(What needs to be done)
Only the lines from the one that contains "this 1619×1440 image." through the final line of the entries should be repeated, exactly as written.

(Data records)
-=-=-
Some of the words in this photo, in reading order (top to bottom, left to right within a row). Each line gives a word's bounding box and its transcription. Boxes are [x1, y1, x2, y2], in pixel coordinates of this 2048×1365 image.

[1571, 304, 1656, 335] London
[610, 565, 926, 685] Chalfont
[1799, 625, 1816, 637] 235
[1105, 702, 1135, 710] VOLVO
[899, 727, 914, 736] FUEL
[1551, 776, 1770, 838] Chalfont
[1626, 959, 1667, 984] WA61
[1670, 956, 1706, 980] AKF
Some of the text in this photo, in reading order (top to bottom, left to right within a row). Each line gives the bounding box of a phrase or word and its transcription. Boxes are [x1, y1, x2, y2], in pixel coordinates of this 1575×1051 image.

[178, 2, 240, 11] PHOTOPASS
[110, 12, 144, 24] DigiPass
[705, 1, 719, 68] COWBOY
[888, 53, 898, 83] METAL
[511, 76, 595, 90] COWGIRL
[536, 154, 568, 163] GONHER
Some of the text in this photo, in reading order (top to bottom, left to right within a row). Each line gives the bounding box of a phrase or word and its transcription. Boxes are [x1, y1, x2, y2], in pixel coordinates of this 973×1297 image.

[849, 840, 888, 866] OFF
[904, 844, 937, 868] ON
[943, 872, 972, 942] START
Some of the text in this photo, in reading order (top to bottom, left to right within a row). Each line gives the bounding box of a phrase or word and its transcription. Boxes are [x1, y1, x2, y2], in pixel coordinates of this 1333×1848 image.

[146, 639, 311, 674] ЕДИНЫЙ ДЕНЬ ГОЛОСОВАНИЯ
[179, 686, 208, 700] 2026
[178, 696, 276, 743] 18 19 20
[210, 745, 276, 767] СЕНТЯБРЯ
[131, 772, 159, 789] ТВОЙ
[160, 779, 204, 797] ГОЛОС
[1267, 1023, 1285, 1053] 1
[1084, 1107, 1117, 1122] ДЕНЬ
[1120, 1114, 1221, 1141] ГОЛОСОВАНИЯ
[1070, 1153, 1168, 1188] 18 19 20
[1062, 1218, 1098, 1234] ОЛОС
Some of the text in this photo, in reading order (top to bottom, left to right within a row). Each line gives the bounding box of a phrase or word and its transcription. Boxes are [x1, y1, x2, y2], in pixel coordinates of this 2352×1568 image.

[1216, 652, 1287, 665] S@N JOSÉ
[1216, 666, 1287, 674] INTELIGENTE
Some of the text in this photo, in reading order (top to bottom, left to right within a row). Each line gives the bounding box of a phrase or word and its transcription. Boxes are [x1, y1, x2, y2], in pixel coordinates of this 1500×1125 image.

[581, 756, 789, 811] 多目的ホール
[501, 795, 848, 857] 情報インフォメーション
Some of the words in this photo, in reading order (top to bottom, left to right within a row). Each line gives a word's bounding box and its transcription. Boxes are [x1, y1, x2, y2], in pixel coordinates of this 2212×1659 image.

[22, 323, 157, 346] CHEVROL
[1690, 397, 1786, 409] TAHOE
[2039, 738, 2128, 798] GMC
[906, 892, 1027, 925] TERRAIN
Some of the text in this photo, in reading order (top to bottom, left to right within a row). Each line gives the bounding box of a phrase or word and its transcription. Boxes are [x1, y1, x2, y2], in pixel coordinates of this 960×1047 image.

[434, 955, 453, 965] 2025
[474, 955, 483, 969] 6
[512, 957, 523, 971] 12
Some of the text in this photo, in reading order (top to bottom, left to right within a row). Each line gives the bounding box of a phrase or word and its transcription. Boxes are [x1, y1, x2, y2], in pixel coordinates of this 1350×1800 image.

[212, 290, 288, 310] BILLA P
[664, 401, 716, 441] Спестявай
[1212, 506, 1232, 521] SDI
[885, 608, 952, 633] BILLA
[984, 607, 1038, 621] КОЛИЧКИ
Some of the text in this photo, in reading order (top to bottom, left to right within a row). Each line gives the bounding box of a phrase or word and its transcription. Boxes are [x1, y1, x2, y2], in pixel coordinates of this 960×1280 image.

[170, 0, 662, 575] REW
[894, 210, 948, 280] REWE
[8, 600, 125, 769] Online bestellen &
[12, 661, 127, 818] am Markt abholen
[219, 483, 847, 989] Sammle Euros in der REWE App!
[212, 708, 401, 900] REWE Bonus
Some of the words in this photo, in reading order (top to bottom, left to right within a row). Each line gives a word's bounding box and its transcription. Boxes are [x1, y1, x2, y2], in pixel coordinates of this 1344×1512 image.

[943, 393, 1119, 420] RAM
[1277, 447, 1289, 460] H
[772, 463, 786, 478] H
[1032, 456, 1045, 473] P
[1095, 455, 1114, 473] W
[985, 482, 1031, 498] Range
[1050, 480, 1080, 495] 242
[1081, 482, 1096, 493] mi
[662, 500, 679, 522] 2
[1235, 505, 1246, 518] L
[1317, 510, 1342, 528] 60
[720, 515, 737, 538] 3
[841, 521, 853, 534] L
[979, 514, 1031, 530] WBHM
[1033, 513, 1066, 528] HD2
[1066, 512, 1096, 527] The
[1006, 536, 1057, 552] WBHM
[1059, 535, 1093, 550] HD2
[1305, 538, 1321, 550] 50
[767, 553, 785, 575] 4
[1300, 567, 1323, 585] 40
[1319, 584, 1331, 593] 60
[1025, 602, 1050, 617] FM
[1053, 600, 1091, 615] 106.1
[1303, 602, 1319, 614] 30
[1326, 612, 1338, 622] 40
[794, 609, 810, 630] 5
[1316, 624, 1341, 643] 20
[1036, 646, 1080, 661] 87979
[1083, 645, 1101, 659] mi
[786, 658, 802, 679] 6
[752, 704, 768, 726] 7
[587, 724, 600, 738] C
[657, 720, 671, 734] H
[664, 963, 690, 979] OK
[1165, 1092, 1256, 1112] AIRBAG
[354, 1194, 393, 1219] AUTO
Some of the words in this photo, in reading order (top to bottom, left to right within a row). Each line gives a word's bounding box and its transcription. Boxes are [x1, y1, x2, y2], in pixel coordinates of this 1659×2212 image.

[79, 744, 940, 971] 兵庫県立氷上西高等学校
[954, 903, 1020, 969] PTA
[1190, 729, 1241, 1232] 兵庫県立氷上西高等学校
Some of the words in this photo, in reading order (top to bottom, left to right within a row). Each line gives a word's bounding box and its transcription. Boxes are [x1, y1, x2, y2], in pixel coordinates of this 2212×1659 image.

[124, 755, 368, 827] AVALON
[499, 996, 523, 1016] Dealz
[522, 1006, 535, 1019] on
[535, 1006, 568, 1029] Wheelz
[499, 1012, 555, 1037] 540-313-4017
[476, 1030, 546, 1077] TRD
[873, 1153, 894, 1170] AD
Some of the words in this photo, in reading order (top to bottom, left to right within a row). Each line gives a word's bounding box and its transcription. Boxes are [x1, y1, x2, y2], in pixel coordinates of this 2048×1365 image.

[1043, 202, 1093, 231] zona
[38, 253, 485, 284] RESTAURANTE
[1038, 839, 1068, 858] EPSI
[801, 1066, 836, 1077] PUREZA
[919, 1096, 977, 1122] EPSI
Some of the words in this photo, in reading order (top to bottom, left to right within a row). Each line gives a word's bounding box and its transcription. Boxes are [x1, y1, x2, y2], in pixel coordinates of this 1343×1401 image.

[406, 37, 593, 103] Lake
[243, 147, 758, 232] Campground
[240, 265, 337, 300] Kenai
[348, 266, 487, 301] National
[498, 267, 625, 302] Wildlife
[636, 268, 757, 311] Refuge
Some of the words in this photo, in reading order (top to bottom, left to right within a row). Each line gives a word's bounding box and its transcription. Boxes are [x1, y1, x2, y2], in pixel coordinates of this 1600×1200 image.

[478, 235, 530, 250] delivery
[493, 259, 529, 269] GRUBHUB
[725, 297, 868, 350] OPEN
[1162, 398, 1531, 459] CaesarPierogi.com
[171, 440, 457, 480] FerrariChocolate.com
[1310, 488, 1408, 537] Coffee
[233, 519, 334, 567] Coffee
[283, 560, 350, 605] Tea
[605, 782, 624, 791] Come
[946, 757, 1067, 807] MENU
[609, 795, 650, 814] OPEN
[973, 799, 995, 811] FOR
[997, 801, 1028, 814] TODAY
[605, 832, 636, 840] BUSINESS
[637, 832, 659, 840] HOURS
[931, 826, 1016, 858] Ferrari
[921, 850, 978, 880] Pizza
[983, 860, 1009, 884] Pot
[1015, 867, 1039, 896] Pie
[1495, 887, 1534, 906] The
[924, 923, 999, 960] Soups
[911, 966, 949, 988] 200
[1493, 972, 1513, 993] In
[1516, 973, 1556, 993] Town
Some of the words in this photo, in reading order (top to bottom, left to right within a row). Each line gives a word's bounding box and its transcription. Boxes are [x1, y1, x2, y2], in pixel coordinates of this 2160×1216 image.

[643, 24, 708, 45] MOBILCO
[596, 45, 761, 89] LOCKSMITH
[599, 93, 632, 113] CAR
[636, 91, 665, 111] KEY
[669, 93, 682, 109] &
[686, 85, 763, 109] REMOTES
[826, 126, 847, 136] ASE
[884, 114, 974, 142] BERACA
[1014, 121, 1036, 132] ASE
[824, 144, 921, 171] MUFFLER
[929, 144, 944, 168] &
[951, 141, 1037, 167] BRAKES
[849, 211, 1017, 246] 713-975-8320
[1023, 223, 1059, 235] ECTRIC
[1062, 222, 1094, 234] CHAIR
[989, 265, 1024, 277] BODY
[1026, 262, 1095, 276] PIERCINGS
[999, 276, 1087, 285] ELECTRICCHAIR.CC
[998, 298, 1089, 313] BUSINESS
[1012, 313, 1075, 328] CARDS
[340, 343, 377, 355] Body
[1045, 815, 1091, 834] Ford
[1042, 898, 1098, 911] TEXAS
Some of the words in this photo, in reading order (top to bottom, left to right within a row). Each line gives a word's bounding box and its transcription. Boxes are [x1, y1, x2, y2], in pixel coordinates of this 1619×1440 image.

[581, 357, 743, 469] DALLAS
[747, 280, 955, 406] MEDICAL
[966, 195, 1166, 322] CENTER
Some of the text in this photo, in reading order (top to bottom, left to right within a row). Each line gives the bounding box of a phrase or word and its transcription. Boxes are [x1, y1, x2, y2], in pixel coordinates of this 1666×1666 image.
-=-=-
(Written answer)
Some of the words in this photo, in reading order (top to bottom, left to right within a row). Each line gives a word's bounding box and its transcription. Boxes are [x1, y1, x2, y2], in pixel coordinates of this 1619×1440 image.

[581, 357, 743, 469] DALLAS
[747, 280, 955, 406] MEDICAL
[966, 195, 1166, 322] CENTER
Some of the text in this photo, in reading order (top to bottom, left to right within a row). Each line gives the bounding box of a phrase or word and its transcription. Boxes are [x1, y1, x2, y2], in pixel coordinates of this 1666×1666 image.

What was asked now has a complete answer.